Types of cloud platforms

For any business looking to migrate its applications and processes to the cloud, choosing the right cloud service provider is vital, and they are mainly categorized into four platforms:

Types of cloud Platforms

1. Private

Such cloud platforms employ a company's computing resources. Setting up private cloud environments is opted by smaller businesses that want to enjoy tight-knit security. Some examples of a private cloud include Elastra-private cloud, HP Data Centers, and Ubuntu.

2. Public

Have you ever heard of Amazon Web Services (AWS), Google Cloud Platform (GCP), and Microsoft Azure? These are the most commonly used cloud platforms because of their affordability and greater scalability.

The public cloud uses third-party-owned cloud services and infrastructure. Amazon Elastic Compute Cloud (EC2), IBM's Blue Cloud, and Google Cloud are examples of the public cloud.

3. Hybrid

These cloud platforms are a combination of both public and private cloud environments. The hybrid model is tailored to meet a company's requirements.

4. Multi-cloud

This is a cloud computing strategy that employs various cloud service providers — public or private — on a company's single network architecture. Different cloud management and storage platforms are adopted for various departments of the company.

This option also offers a secure cloud migration approach since multiple vendors are at work, and each of them provides a multi-layered security solution for each application.


1. Reliance on third-party vendors for advanced support

As businesses continue moving their infrastructure using IaaS, PaaS, and SaaS, there will be demand for third-party vendors who specialize in alleviating new cloud challenges and offering vital insights into the cloud computing applications and associated technologies. For instance, cloud service providers will look after infrastructural requirements such as database storage and security, and these third-party vendors will be responsible for specific needs such as AL and ML technologies, IoT, data visibility, and so on.

2. Ensuring compliance in the cloud environment a must

As much as the cloud has ensured real-time operational visibility for businesses, it has also attracted cyber-hackers for all the wrong reasons. Currently, data privacy and security are considered the top roadblocks for enterprise cloud adoption. This is why internal governance and compliance across the cloud environments will be more critical than ever.

3. Controlling cloud costs take precedence

A Gartner study reports projected that global spending by end-users on public cloud services will increase by 20.7% to reach a total of $591.8 billion in 2023, compared to $490.3 billion in 2022.. Growth is undeniable in the cloud. However, despite the positives, there is a downside to the cloud. The decentralized model of cloud deployment has raised unnecessary expenses for businesses — resulting in poor bottom lines. Therefore, they must get a grip on the costs as cloud usage grows in the coming years. They need to eliminate duplicate spending and implement innovative third-party solutions to gain granular insight into how their cloud services can be streamlined.

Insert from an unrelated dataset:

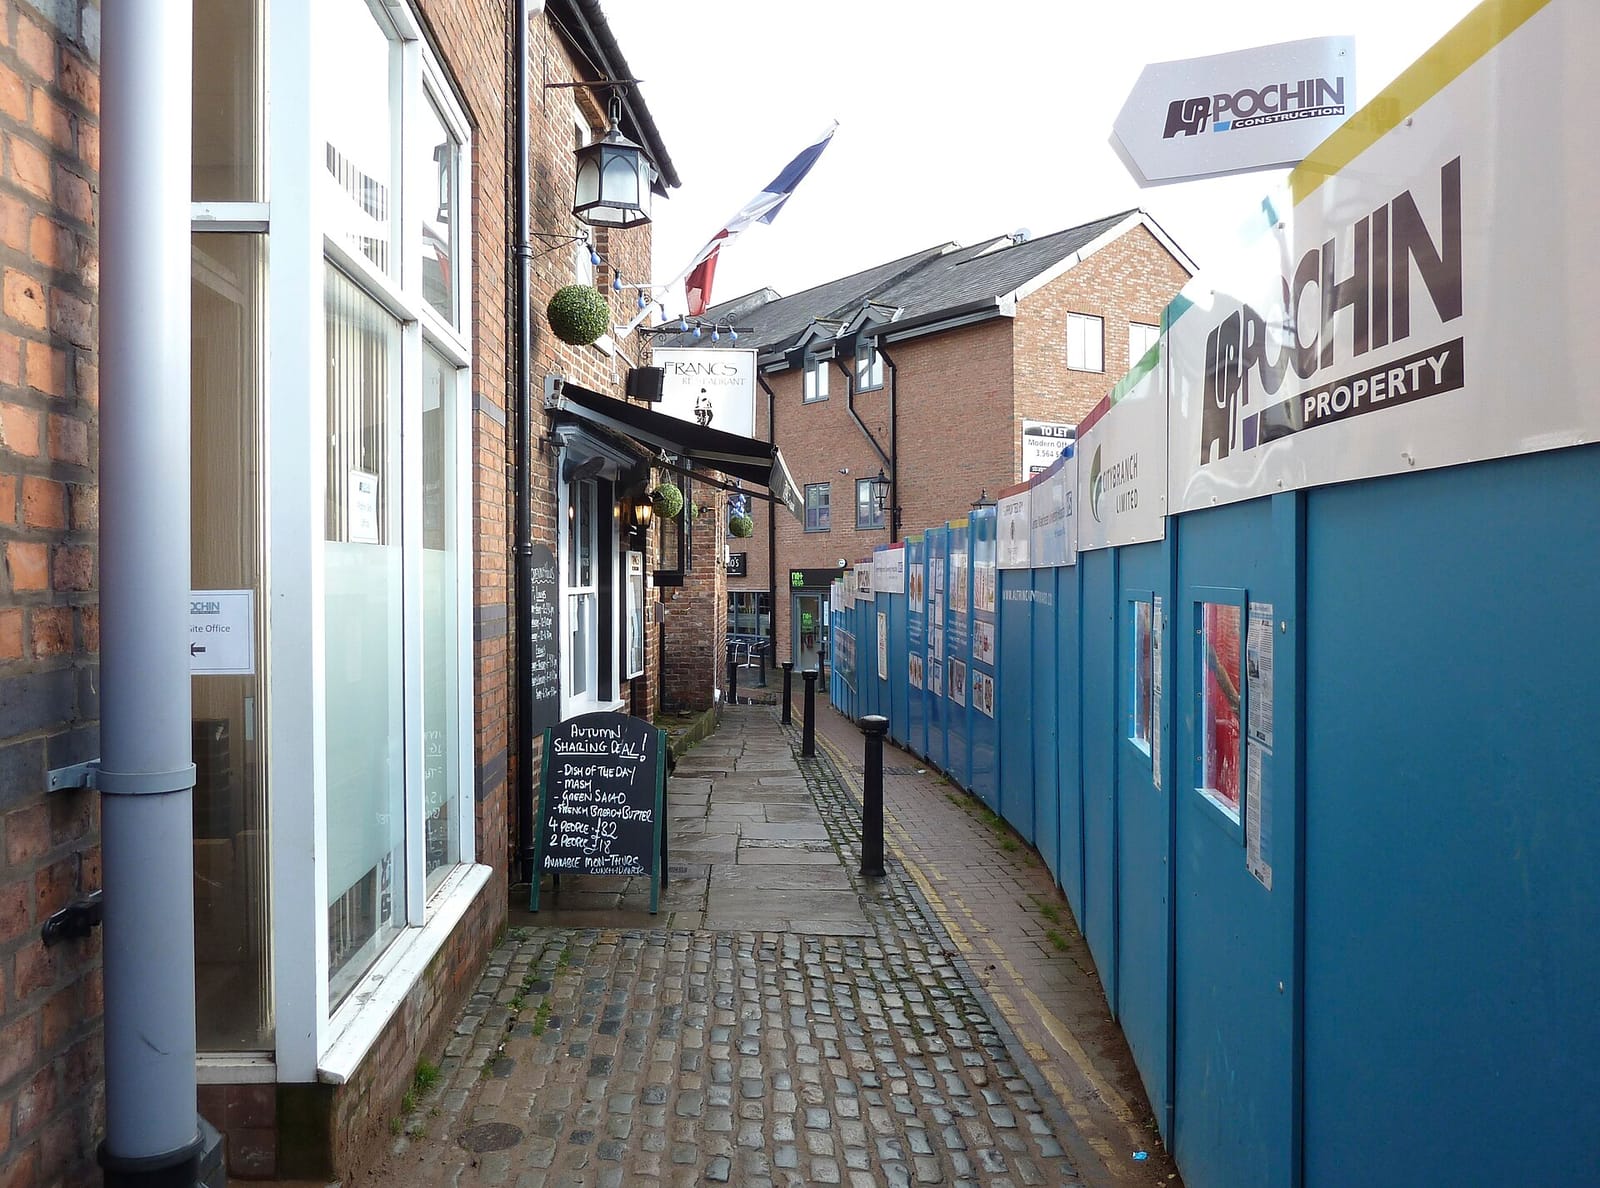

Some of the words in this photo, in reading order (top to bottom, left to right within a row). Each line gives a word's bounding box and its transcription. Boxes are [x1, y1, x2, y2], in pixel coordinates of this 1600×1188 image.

4. Multi-cloud environments continue to grow

Research shows that 75% of midsize and large businesses will have adopted a multi-cloud strategy by 2021. Companies have slowly started realizing the importance of choosing a multi-cloud migration strategy for the job at hand and not relying on one specific platform. They do not care about sticking to one cloud vendor anymore and aggressively embrace a multi-cloud offering where they can get the best out of different cloud solutions.

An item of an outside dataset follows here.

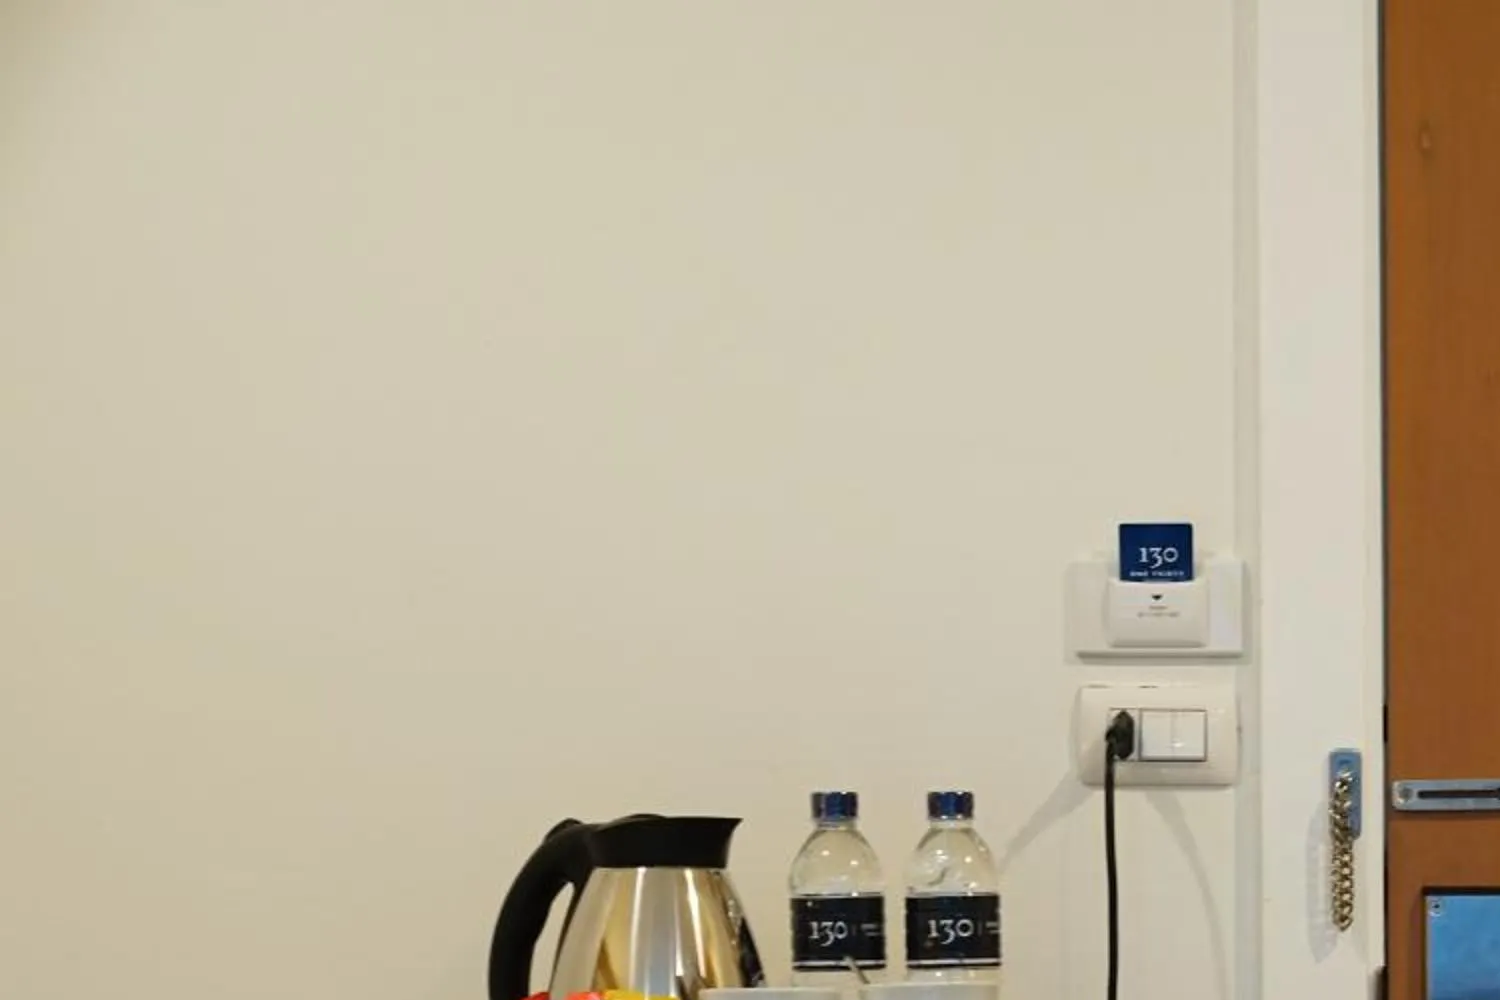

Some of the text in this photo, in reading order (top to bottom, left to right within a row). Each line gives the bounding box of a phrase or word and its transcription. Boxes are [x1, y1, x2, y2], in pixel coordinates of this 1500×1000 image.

[1138, 547, 1180, 569] 130
[808, 920, 849, 947] 130
[927, 918, 975, 945] 130

Is multi-cloud the future of cloud migration?

Cloud migration is a complicated, detailed-oriented process that requires you to assign a migration architect for the job, choose your cloud integration level carefully, establish KPIs, and prioritize components — irrespective of what cloud migration strategy you deploy.

Adopted by more than 84% of businesses globally, the multi-cloud approach provides you with many benefits such as easy scalability and flexible structure — regardless of the company's size and budgetary constraints.

By going "all in" with multiple clouds, you have the fantastic opportunity to harness the unique capabilities of a mix of cloud services to meet your specific needs. Adding to that, mentioned below are eight benefits of the multi-cloud:

Pros of the multi-cloud

1. High ROI

Every cloud platform is different in terms of physical infrastructure and characteristics, functionality, and pricing. The rapid changes in the dynamic IT landscape make it difficult for businesses to predict which cloud is perfect for them.

In the multi-cloud environment, you can deploy different vendors for integration and support — each offering a range of computing and business functions. This arrangement optimizes the returns on cloud investments.

2. Enhanced security

While public cloud platforms are not known for offering adequate transparency, visibility, and control over the databases, a private cloud environment offers robust security. Still, it is often a costly option for most businesses.

On the other hand, a multi-cloud infrastructure allows businesses to keep most of their most sensitive data in the private cloud. In contrast, regular business applications are run through public cloud networks cost-effectively.

3. Low latency

Accessing databases and applications stored in different locations on the cloud platform may not always happen instantaneously. Minor delays can be caused when the data has to travel across various nodes before reaching end-users.

This delay is called latency, and it is common in cloud services delivered from numerous servers at distant locations. In a multi-cloud environment, the data center closest to the end-user can provide the requested data with minimum server hops.

This capability enables global businesses to incorporate data across geographies while ensuring a unified end-user experience.

4. Optimal disaster recovery

In a multi-cloud infrastructure, your data load gets distributed among multiple cloud platforms. It also means unanticipated security breaches, regulations violations, and compliance issues can be handled collaboratively using the multi-cloud management of resources and the IT department — reducing the usual downtime in the cloud exponentially.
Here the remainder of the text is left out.